__What you will do__: Only the pictures stay out; every record is to be quoted exactly.

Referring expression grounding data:

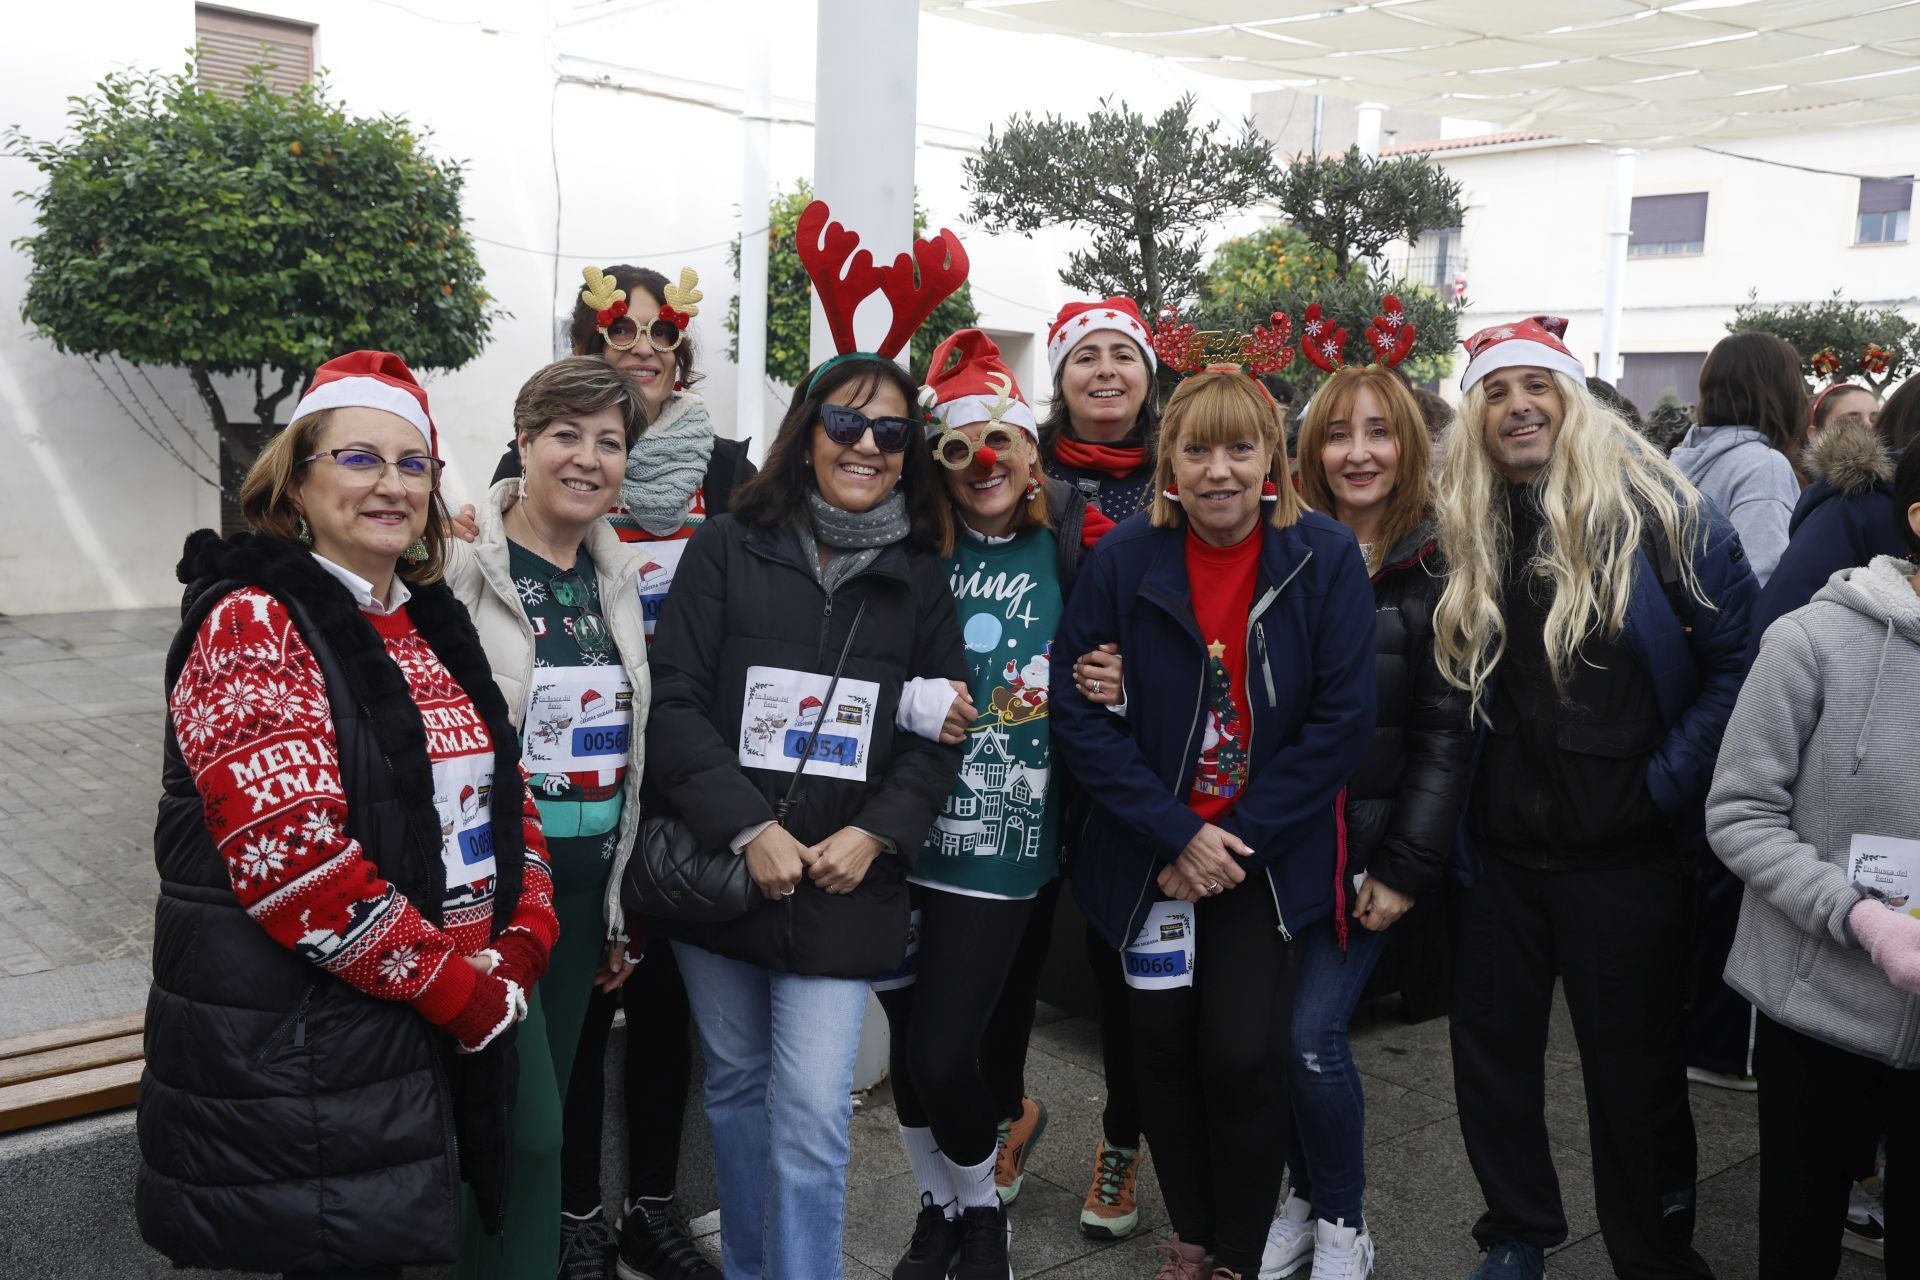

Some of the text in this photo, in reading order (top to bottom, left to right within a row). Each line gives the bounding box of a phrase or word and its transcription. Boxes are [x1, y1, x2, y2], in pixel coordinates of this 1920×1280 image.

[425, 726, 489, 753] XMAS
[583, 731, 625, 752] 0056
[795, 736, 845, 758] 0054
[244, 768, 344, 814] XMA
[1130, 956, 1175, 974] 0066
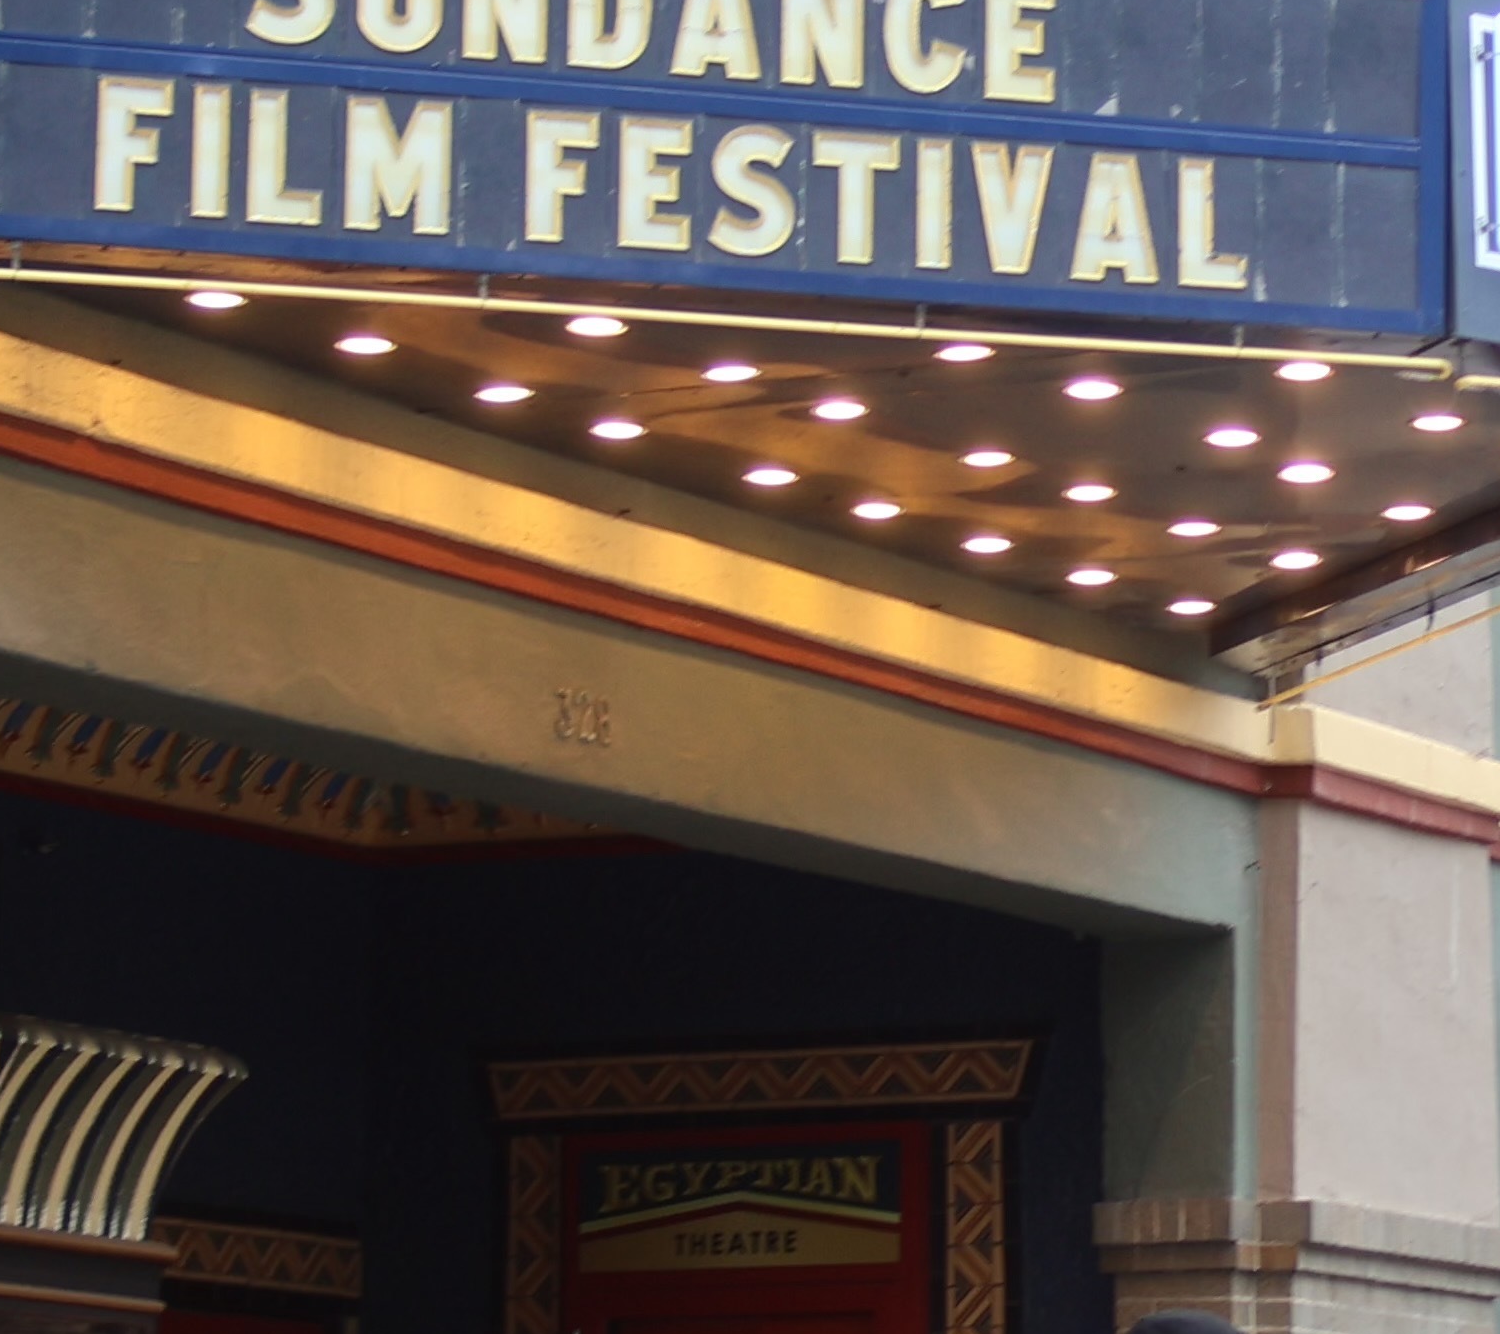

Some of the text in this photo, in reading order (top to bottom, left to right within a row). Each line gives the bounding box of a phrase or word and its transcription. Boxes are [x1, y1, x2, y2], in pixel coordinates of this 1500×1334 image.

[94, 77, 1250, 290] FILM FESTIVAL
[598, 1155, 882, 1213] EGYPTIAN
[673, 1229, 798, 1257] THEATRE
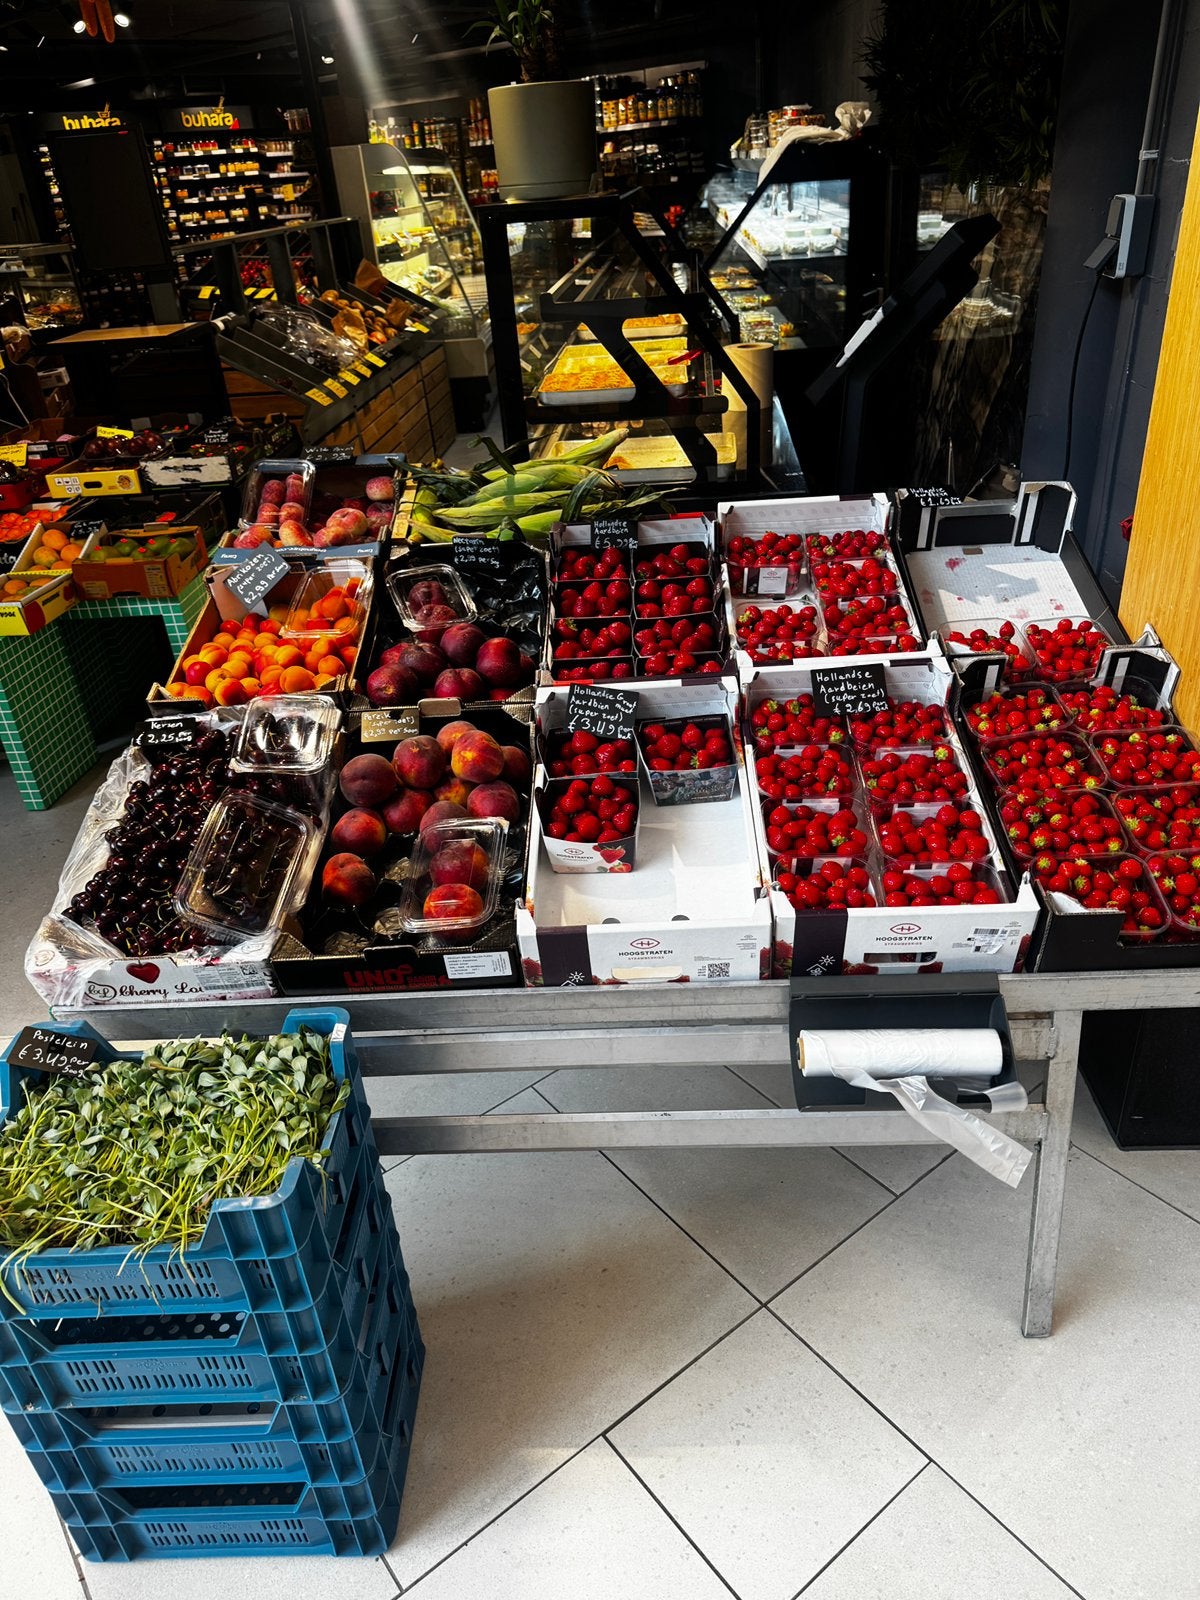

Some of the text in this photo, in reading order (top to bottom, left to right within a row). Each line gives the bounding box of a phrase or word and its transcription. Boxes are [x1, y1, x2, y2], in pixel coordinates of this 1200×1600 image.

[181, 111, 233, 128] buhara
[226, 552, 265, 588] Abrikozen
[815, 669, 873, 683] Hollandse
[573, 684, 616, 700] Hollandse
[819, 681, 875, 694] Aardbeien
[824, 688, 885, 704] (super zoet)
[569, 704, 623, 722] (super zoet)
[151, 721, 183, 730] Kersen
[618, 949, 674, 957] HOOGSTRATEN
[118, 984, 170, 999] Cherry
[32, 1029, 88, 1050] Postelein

__Answer to the problem__:
Some of the text in this photo, in reading order (top to bottom, left to right within a row). Each line gives the bounding box of a phrase or word and its transcription. Boxes are [x1, y1, x2, y2], in pixel coordinates of this 1920×1280 image.

[425, 726, 489, 753] XMAS
[583, 731, 625, 752] 0056
[795, 736, 845, 758] 0054
[244, 768, 344, 814] XMA
[1130, 956, 1175, 974] 0066

Some of the text in this photo, in reading order (top to bottom, left to right within a row). Each line gives the bounding box of a phrase or word and its transcription. Boxes are [x1, y1, x2, y2], in pixel coordinates of this 1500×1334 image.

[94, 77, 1250, 290] FILM FESTIVAL
[598, 1155, 882, 1213] EGYPTIAN
[673, 1229, 798, 1257] THEATRE

Some of the text in this photo, in reading order (top to bottom, left to right within a row). Each line gives the bounding box of a phrase or word and its transcription. Boxes are [x1, y1, x2, y2], in pixel coordinates of this 1200×1600 image.

[181, 111, 233, 128] buhara
[226, 552, 265, 588] Abrikozen
[815, 669, 873, 683] Hollandse
[573, 684, 616, 700] Hollandse
[819, 681, 875, 694] Aardbeien
[824, 688, 885, 704] (super zoet)
[569, 704, 623, 722] (super zoet)
[151, 721, 183, 730] Kersen
[618, 949, 674, 957] HOOGSTRATEN
[118, 984, 170, 999] Cherry
[32, 1029, 88, 1050] Postelein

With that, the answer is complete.